03 janeiro, 2007


NÃO EXISTE HISTÓRIA DA ARTE

Benjamin escreve ao teólogo Florens Christian Rang, em carta de 9 de Dezembro de 1923: «cheguei a uma conclusão: não existe história da arte». A afirmação, aparentemente polémica, explica-se: as obras, cada obra em si, são essencialmente a-históricas, vivem num presente contínuo e diverso. É a visão neo-kantiana, essencialista, comum a muitos no princípio do século XX. Curiosamente, as invectivas de Benjamin contra o movimento histórico do «Expressionismo» cairiam neste ponto pela base: o mesmo ponto de vista domina o pensamento estético produzido por muitos «expressionistas», de Kandinsky a Paul Hatvani e ao círculo da revista Der Sturm, em Berlim, já que todos buscam a obra e o «elementar» nela (mas sabemos que o «Expressionismo» para Benjamin era outro, patético e neo-barroco, idealista sem o lastro metafísico de uma sólida doutrina das ideias). Isto só acontece em Benjamin no período que medeia entre os ensaios sobre a linguagem e Origem do Drama Trágico Alemão, imediatamente anterior ao encontro, decisivo, com a revolucionária Asja Lacis em Capri.

A partir daí, as coisas darão uma volta de 180 graus, e nos anos trinta até mais: vejam-se os ensaios estéticos dessa altura, os receios de um Benjamin radical por parte do amigo Gerhard Scholem, e até de Adorno, e todo o projecto das «Passagens», com as «Teses sobre o conceito da História» a servir-lhe de pórtico. Aí, é a história que determina a vida das obras. Antes, era a «interpretação» – um conceito e uma prática que haviam de ter uma longa história no século XX, dos formalistas russos e do «New Criticism» a Pfeiffer, Kayser e à hermenêutica contemporânea.

«As obras», diz Benjamin, «não têm nada que as ligue, ao mesmo tempo, no plano extensivo [histórico-temporal] e essencial», i.e.: não se pode «historiar» (fazer a história) das essências. Mas, digo eu, pode-se e deve-se historizar as «essências». Não, naturalmente, para fazer a história externa de estilos e formas (o que seria impossível, tratando-se de «essências»), mas para mostrar a historicidade imanente da obra de arte. Foi o que veio a fazer Adorno na Teoria Estética. Nesta carta fundamental, Benjamin avança ainda: as obras de arte são (como as) ideias, mónadas na noite da ocultação e da intensidade. É essa noite que importa salvar – pela interpretação. A monadologia (crítica, porque «a crítica é a representação de uma ideia» que aceita o risco da «mortificação das obras») vem substituir a história da arte, a descontinuidade de núcleos «essenciais» (por analogia, os números em Leibniz) toma o lugar das cadeias arbitrárias de traços meramente acidentais das obras no tempo.

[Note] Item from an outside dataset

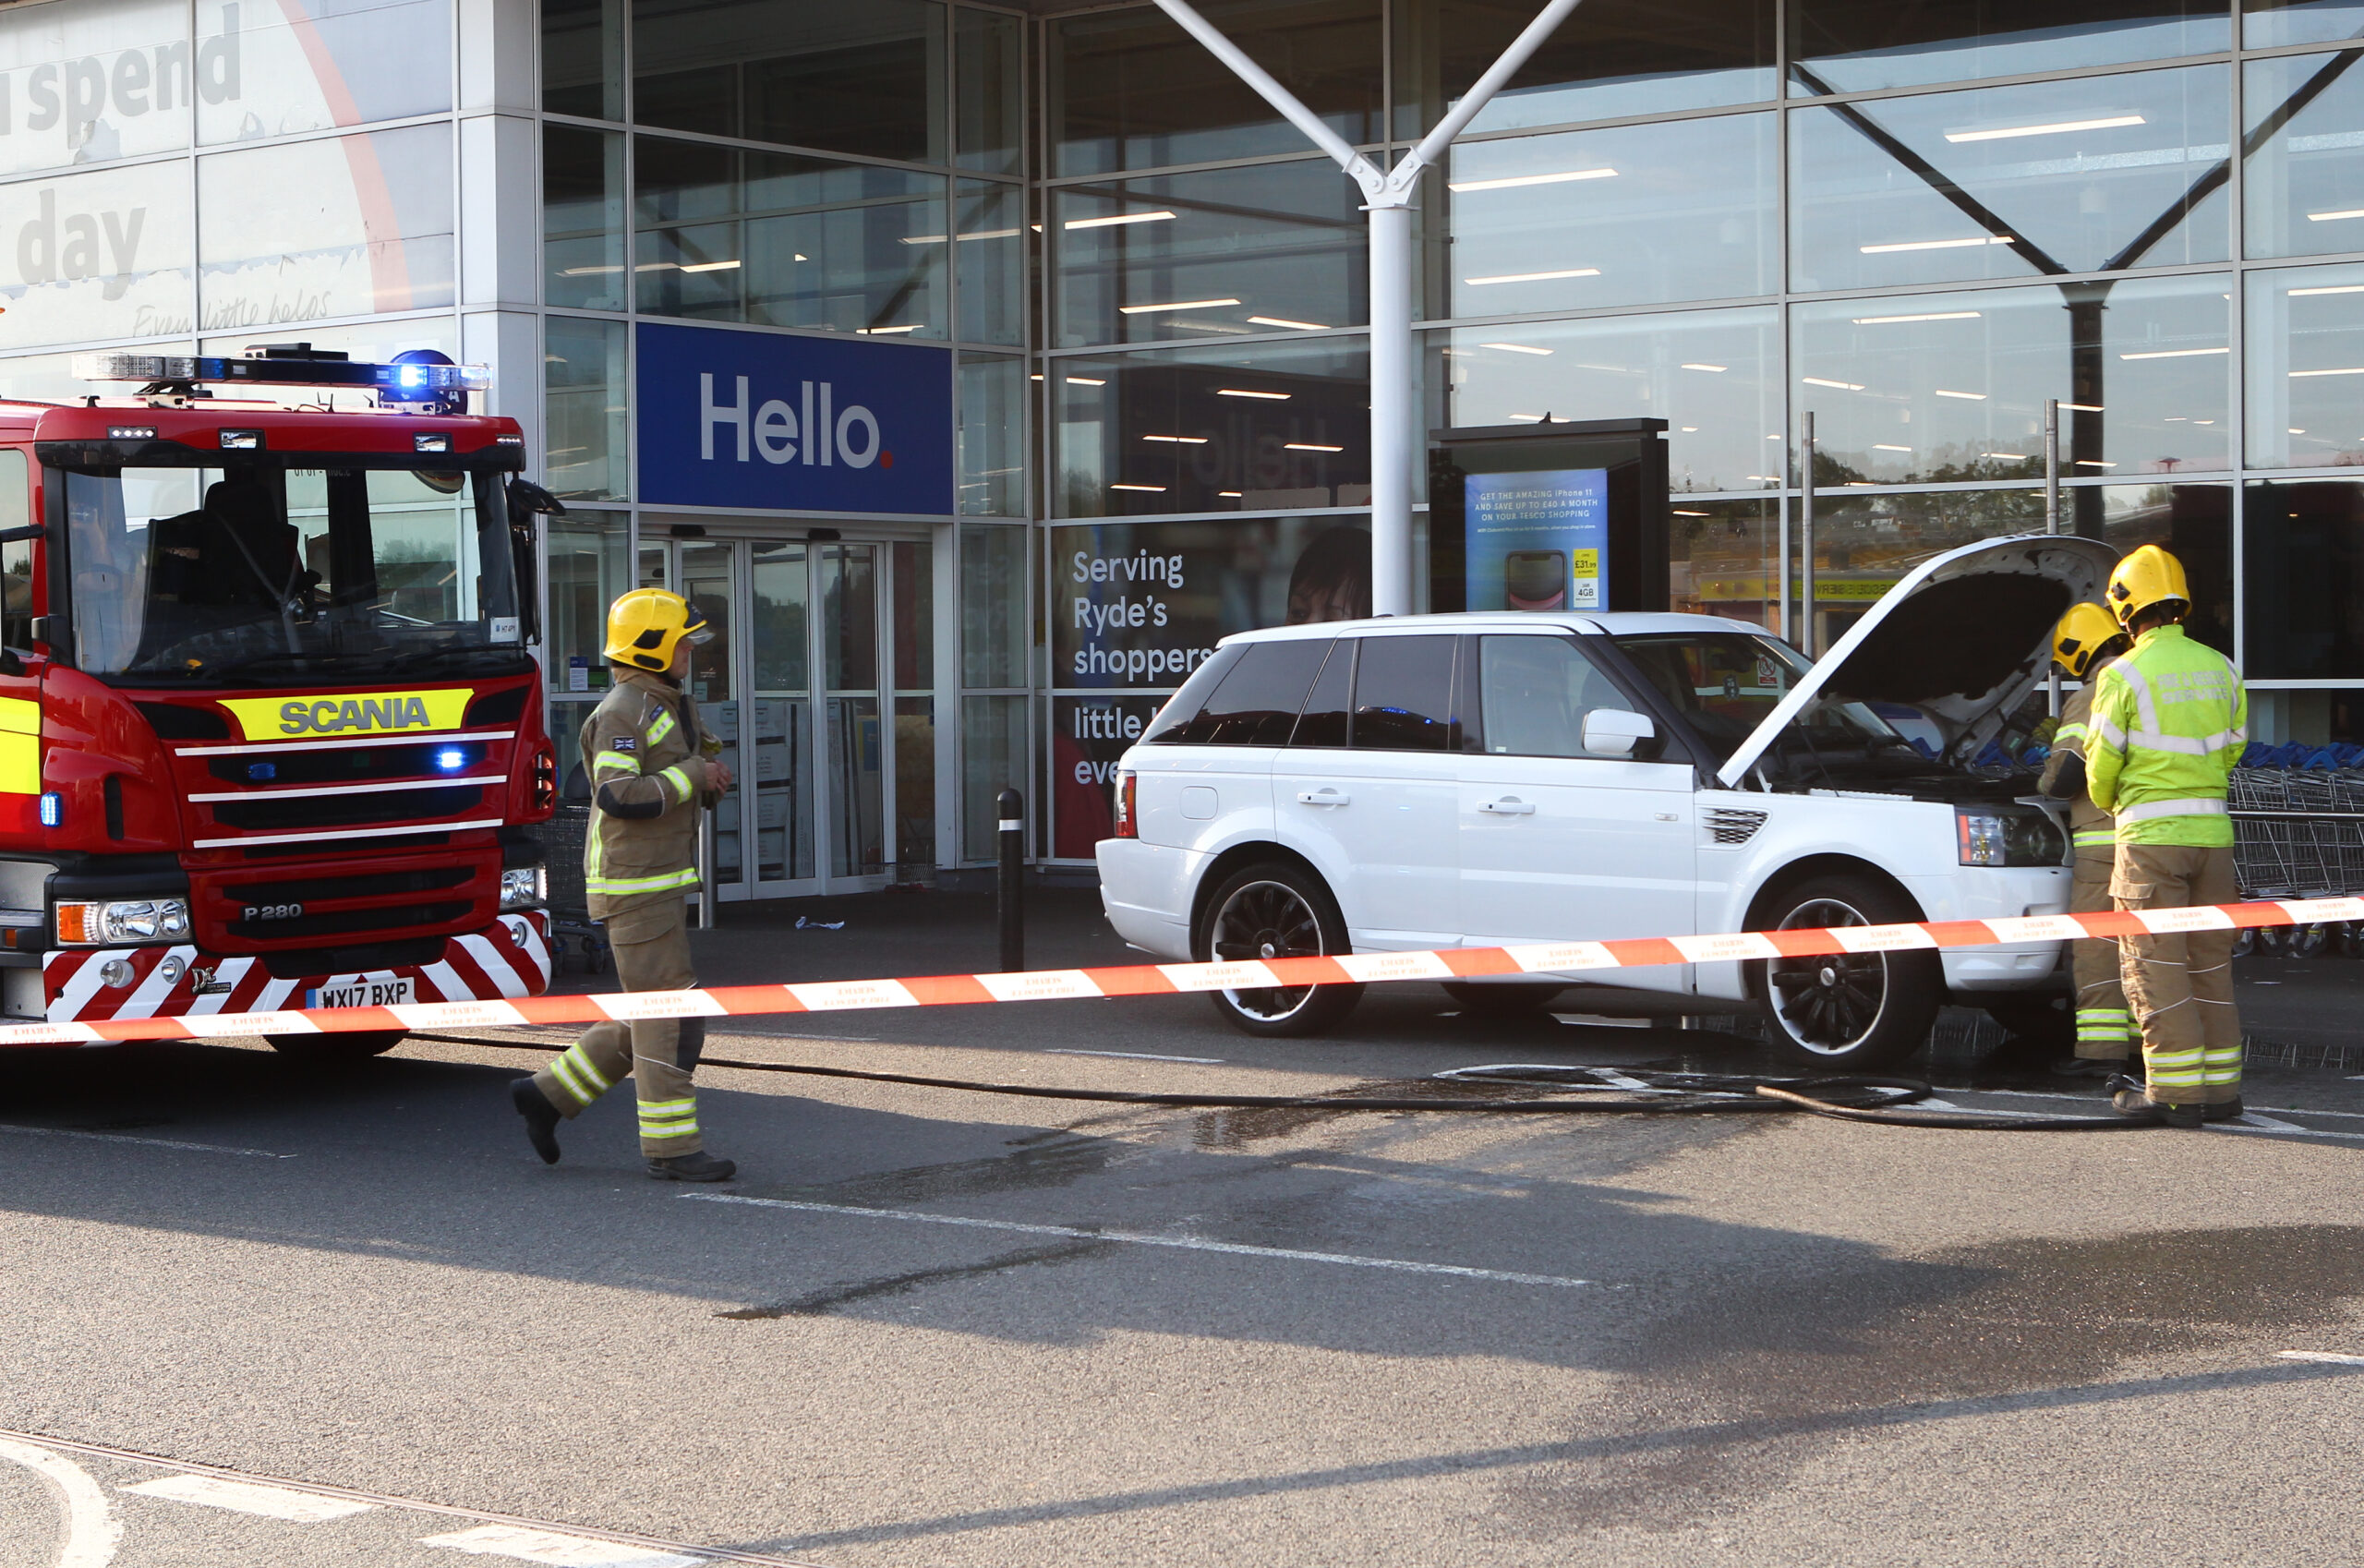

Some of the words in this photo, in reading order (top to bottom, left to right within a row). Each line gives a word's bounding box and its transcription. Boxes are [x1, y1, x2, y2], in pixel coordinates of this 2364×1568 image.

O desafio é interessante e paradoxal, quase a quadratura do círculo: tentar fazer uma história (estabelecer uma cadeia) daquilo que é único, irredutível a «relações», isolado e «sem janelas» (como sugere Adorno sobre a obra-mónada). i.e., centrado sobre si próprio: uma onto-história da arte. Tarefa impossível, a não ser através do salto conceptual operado por uma «doutrina das ideias» _______ que, é claro, destila e elimina da obra as suas dimensões de real (empírico, histórico, social).